--- Entries shown Enclosed Below ---

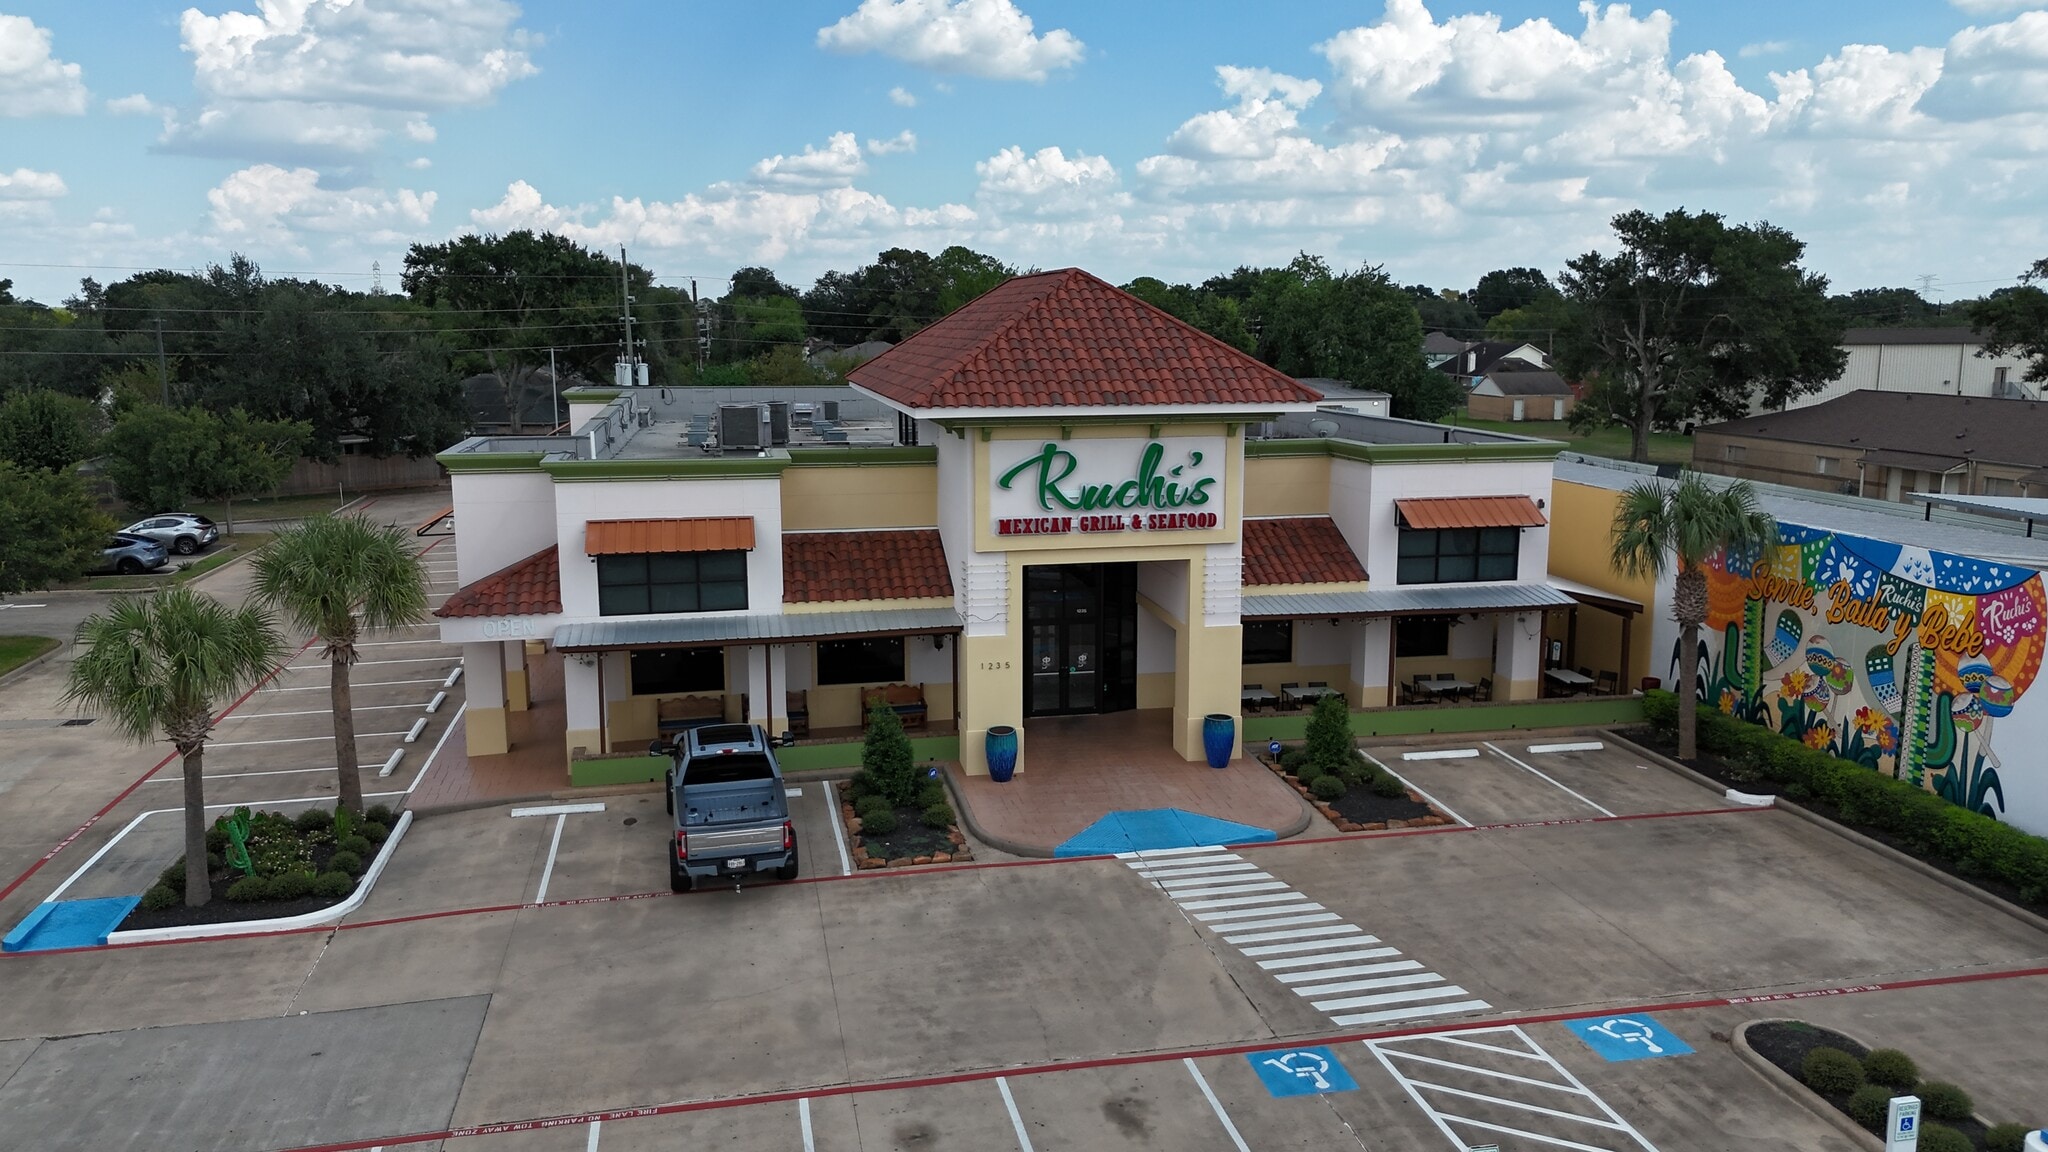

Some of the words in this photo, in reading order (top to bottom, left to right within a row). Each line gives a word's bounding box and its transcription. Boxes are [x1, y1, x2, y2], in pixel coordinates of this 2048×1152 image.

[998, 442, 1216, 511] Ruchi's
[998, 516, 1072, 535] MEXICAN
[1079, 514, 1125, 533] GRILL
[1131, 513, 1143, 530] &
[1148, 511, 1218, 530] SEAFOOD
[1826, 577, 1890, 633] Baila
[1886, 611, 1912, 657] y
[1919, 602, 1984, 658] Bebe
[483, 619, 536, 638] OPEN
[609, 1111, 634, 1120] LANE
[638, 1107, 659, 1116] FIRE
[541, 1117, 584, 1128] PARKING
[587, 1114, 601, 1122] NO
[452, 1129, 478, 1137] ZONE
[482, 1126, 509, 1135] AWAY
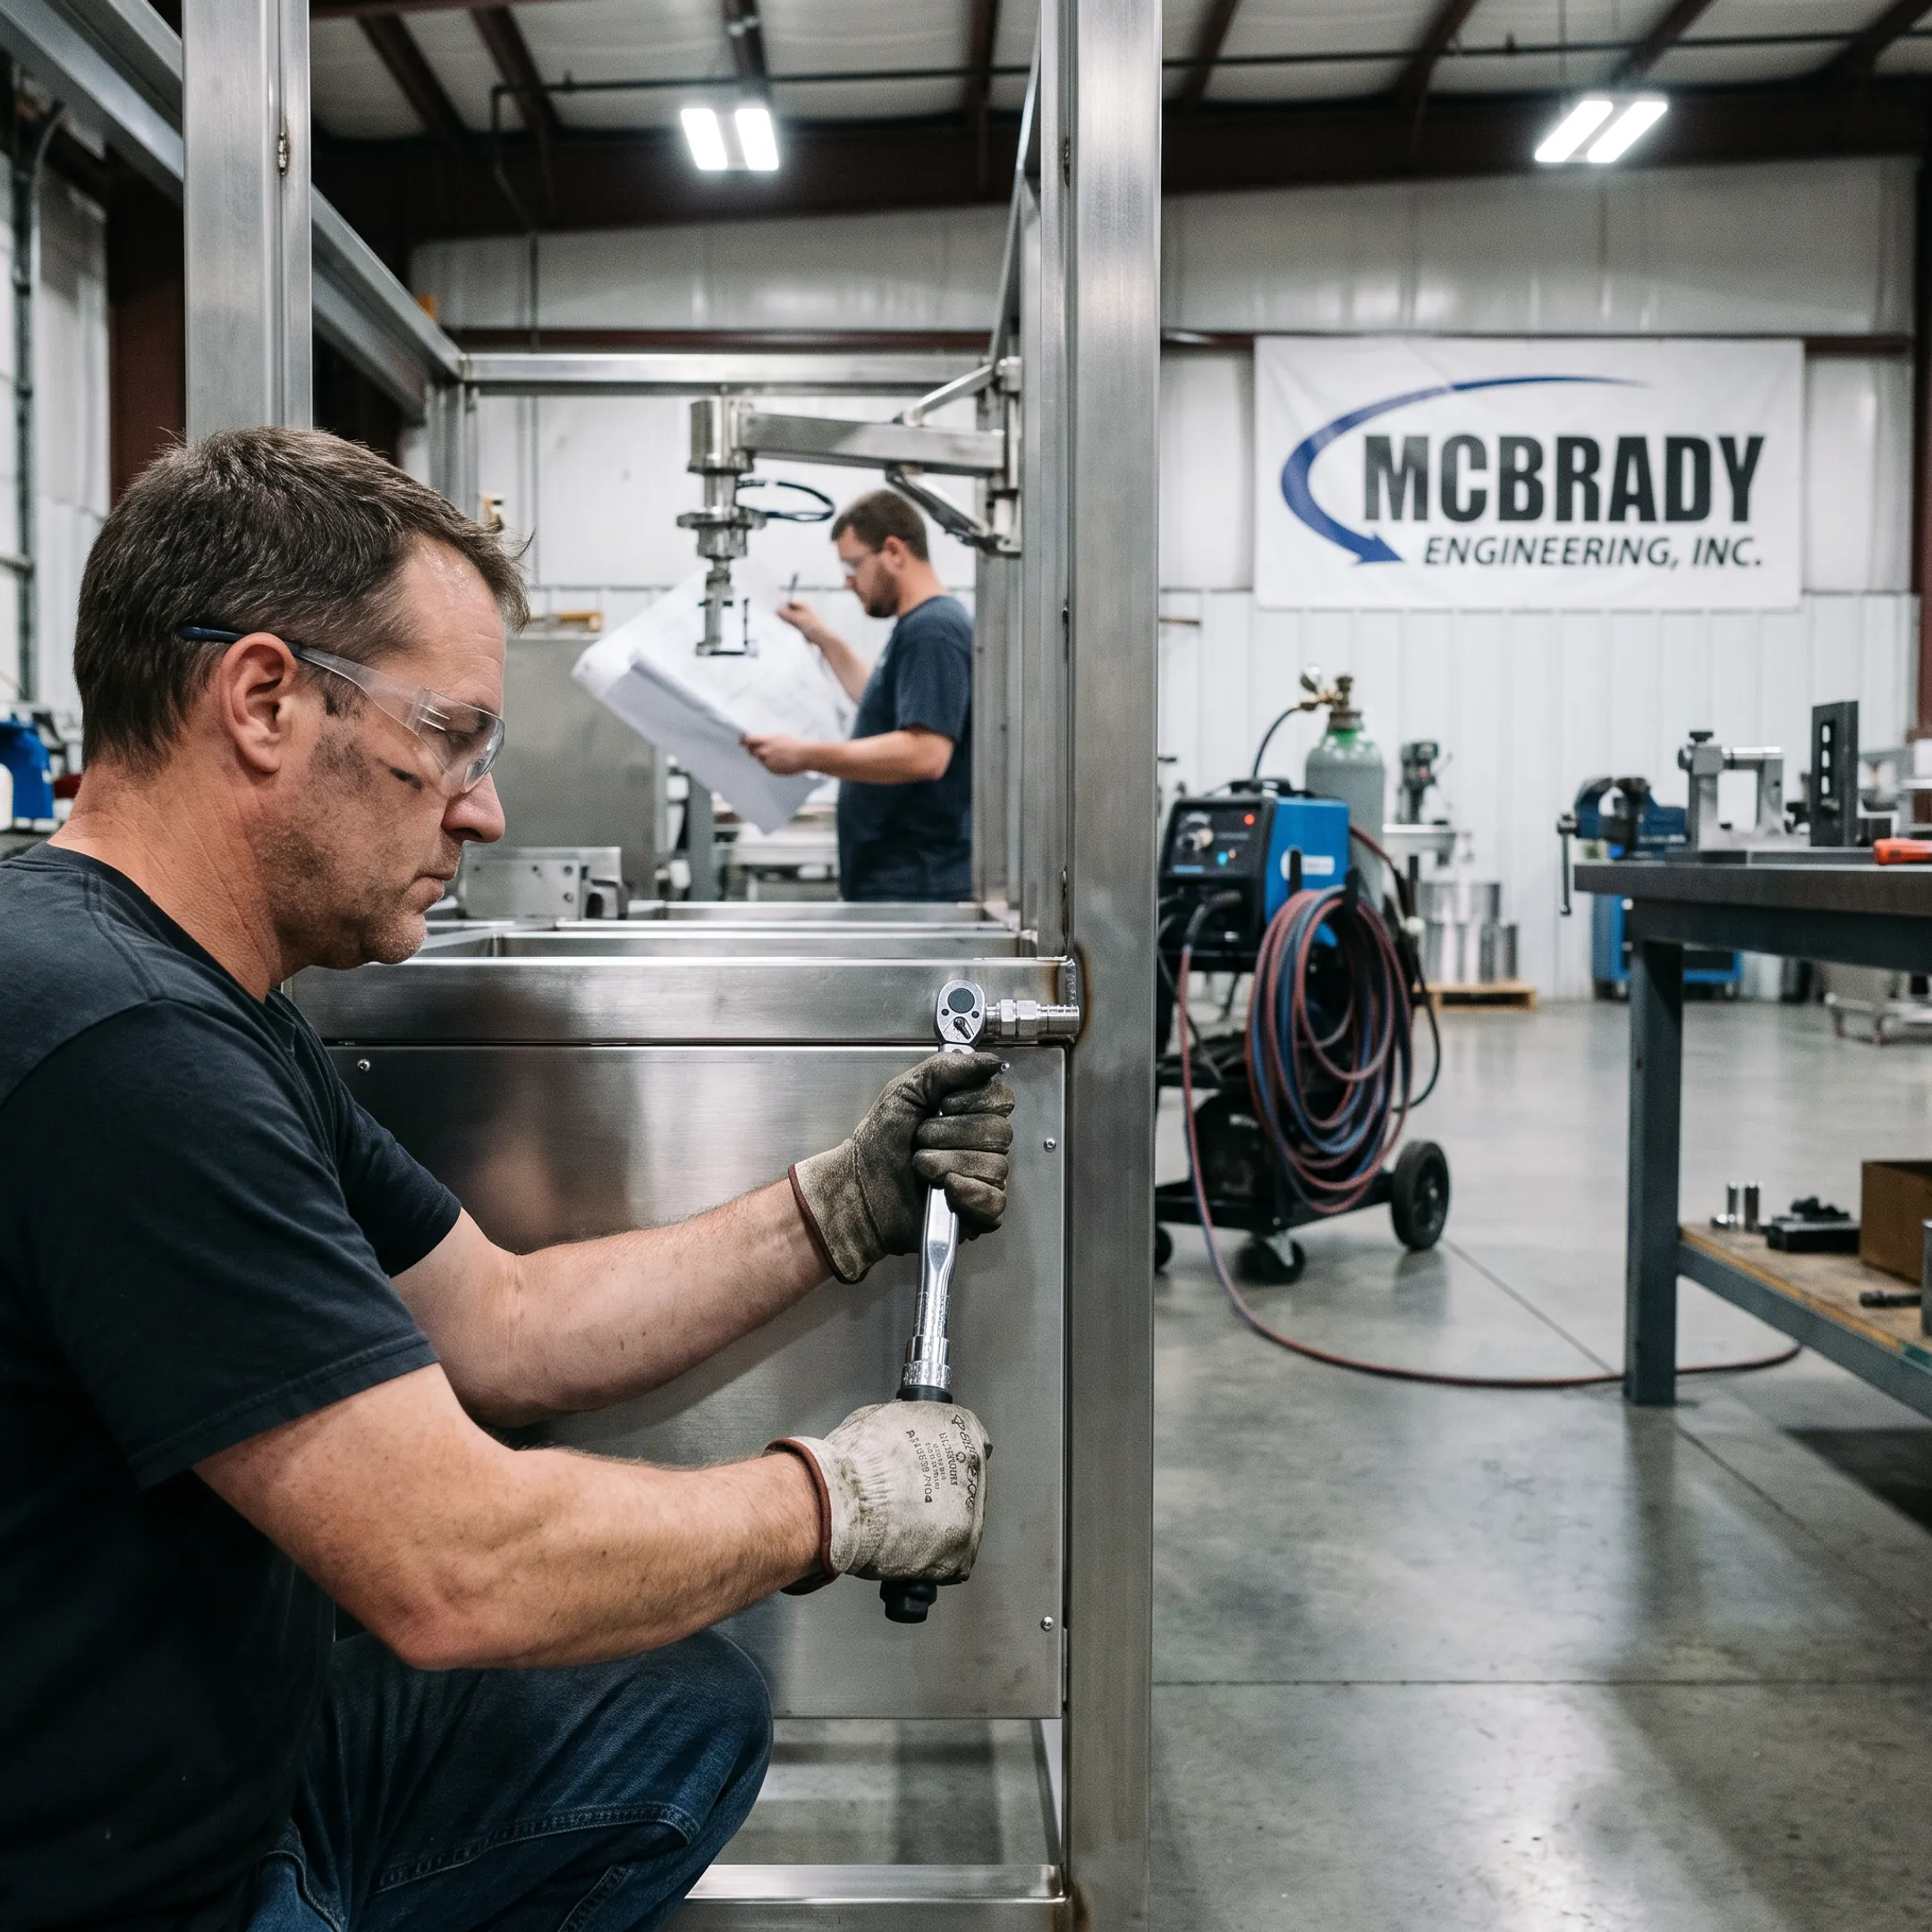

--- End of Enclosed Entries shown ---

The whole of the data above needs retyping exactly, with pictures omitted.

Some of the words in this photo, in reading order (top to bottom, left to right within a row). Each line gives a word's bounding box and its transcription. Boxes are [x1, y1, x2, y2], in pixel coordinates of this 2048×1152 image.

[998, 442, 1216, 511] Ruchi's
[998, 516, 1072, 535] MEXICAN
[1079, 514, 1125, 533] GRILL
[1131, 513, 1143, 530] &
[1148, 511, 1218, 530] SEAFOOD
[1826, 577, 1890, 633] Baila
[1886, 611, 1912, 657] y
[1919, 602, 1984, 658] Bebe
[483, 619, 536, 638] OPEN
[609, 1111, 634, 1120] LANE
[638, 1107, 659, 1116] FIRE
[541, 1117, 584, 1128] PARKING
[587, 1114, 601, 1122] NO
[452, 1129, 478, 1137] ZONE
[482, 1126, 509, 1135] AWAY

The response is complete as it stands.